Every entry below should be repeated exactly; the pictures should not.

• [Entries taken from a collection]
-.-.-

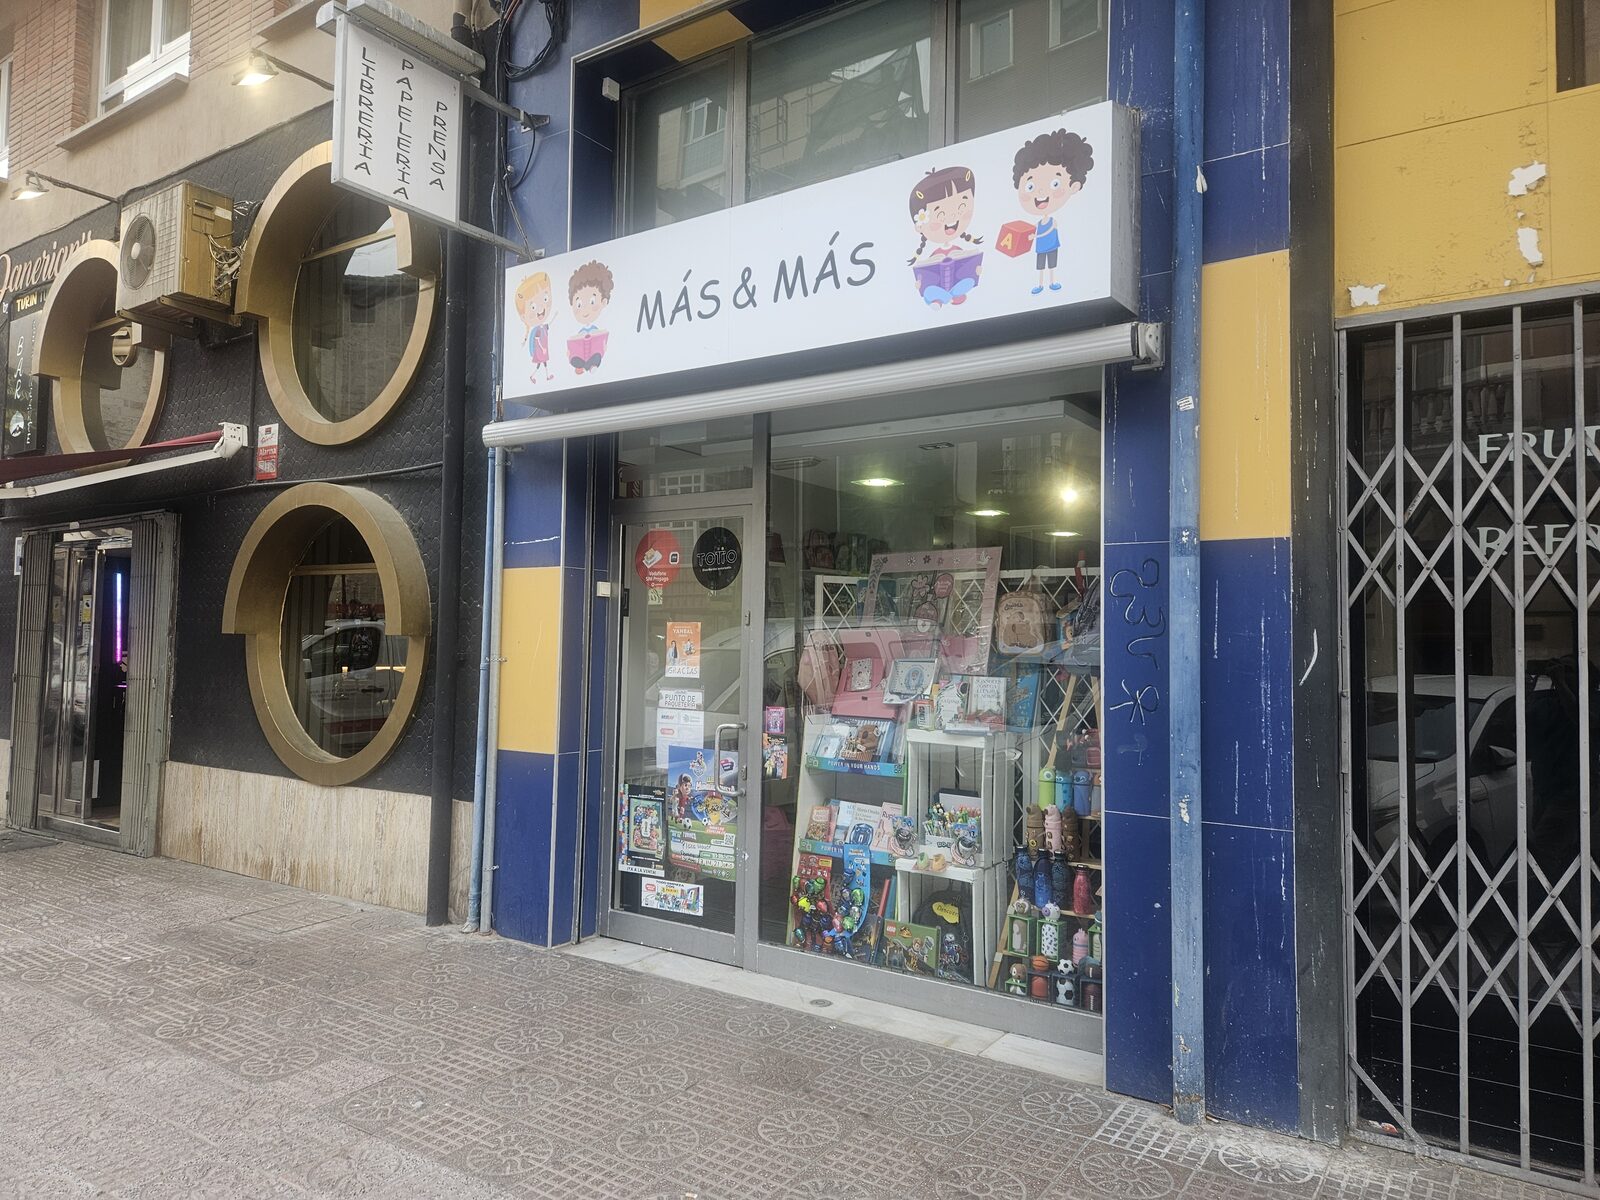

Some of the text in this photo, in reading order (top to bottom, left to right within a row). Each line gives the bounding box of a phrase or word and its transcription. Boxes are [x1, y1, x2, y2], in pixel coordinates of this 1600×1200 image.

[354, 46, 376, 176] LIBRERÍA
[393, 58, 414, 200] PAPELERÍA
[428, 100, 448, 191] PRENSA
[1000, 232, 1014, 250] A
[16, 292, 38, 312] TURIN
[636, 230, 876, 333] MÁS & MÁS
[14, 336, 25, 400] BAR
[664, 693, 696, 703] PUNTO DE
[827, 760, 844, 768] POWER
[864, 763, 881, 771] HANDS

-.-.-

• [ANSWER TO THIS TASK]
Some of the text in this photo, in reading order (top to bottom, left to right within a row). Each line gives the bounding box of a phrase or word and its transcription. Boxes are [x1, y1, x2, y2], in pixel coordinates of this 1600×1200 image.

[354, 46, 376, 176] LIBRERÍA
[393, 58, 414, 200] PAPELERÍA
[428, 100, 448, 191] PRENSA
[1000, 232, 1014, 250] A
[16, 292, 38, 312] TURIN
[636, 230, 876, 333] MÁS & MÁS
[14, 336, 25, 400] BAR
[664, 693, 696, 703] PUNTO DE
[827, 760, 844, 768] POWER
[864, 763, 881, 771] HANDS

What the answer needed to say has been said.